Your task
With the pictures left out, write out the records verbatim.

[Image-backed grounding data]
↓
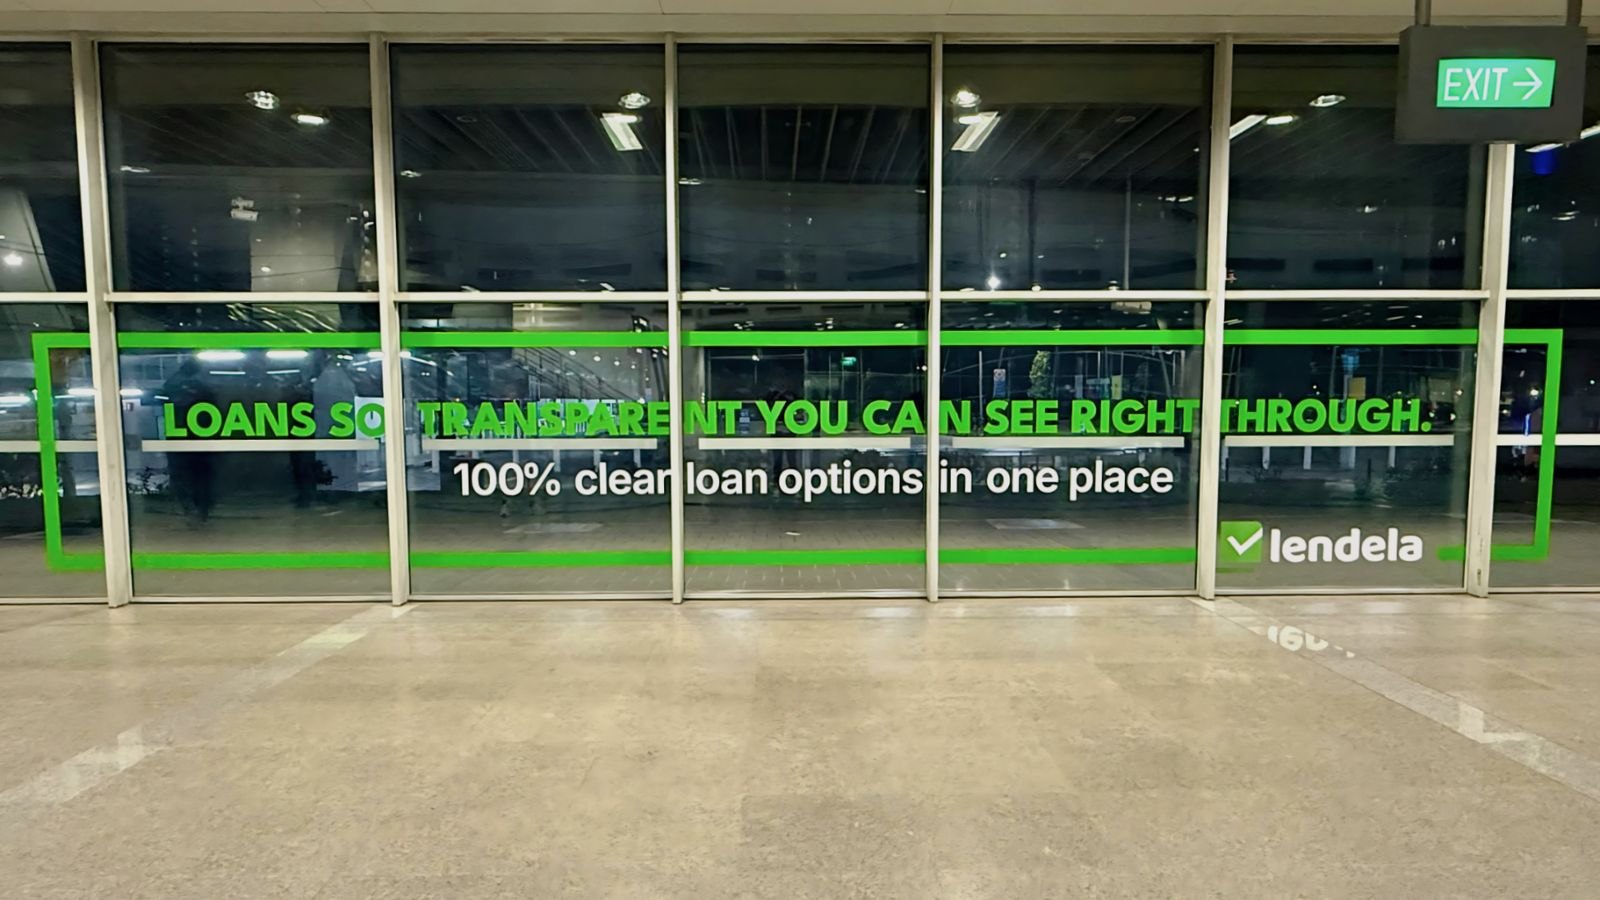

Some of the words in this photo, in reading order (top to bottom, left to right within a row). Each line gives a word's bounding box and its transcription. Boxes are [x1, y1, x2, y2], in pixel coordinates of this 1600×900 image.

[1444, 67, 1508, 101] EXIT
[163, 402, 316, 438] LOANS
[328, 402, 386, 438] SO
[416, 400, 742, 436] TRANSPARENT
[755, 399, 849, 435] YOU
[862, 399, 971, 435] CAN
[983, 399, 1059, 434] SEE
[1071, 399, 1200, 434] RIGHT
[1219, 398, 1432, 433] THROUGH.
[453, 462, 561, 496] 100%
[574, 462, 672, 496] clear
[686, 461, 768, 495] loan
[778, 460, 924, 503] options
[940, 459, 972, 494] in
[986, 467, 1059, 494] one
[1069, 460, 1174, 501] place
[1270, 528, 1423, 563] lendela
↑
Written solution
Some of the words in this photo, in reading order (top to bottom, left to right within a row). Each line gives a word's bounding box and its transcription. Boxes are [x1, y1, x2, y2], in pixel coordinates of this 1600×900 image.

[1444, 67, 1508, 101] EXIT
[163, 402, 316, 438] LOANS
[328, 402, 386, 438] SO
[416, 400, 742, 436] TRANSPARENT
[755, 399, 849, 435] YOU
[862, 399, 971, 435] CAN
[983, 399, 1059, 434] SEE
[1071, 399, 1200, 434] RIGHT
[1219, 398, 1432, 433] THROUGH.
[453, 462, 561, 496] 100%
[574, 462, 672, 496] clear
[686, 461, 768, 495] loan
[778, 460, 924, 503] options
[940, 459, 972, 494] in
[986, 467, 1059, 494] one
[1069, 460, 1174, 501] place
[1270, 528, 1423, 563] lendela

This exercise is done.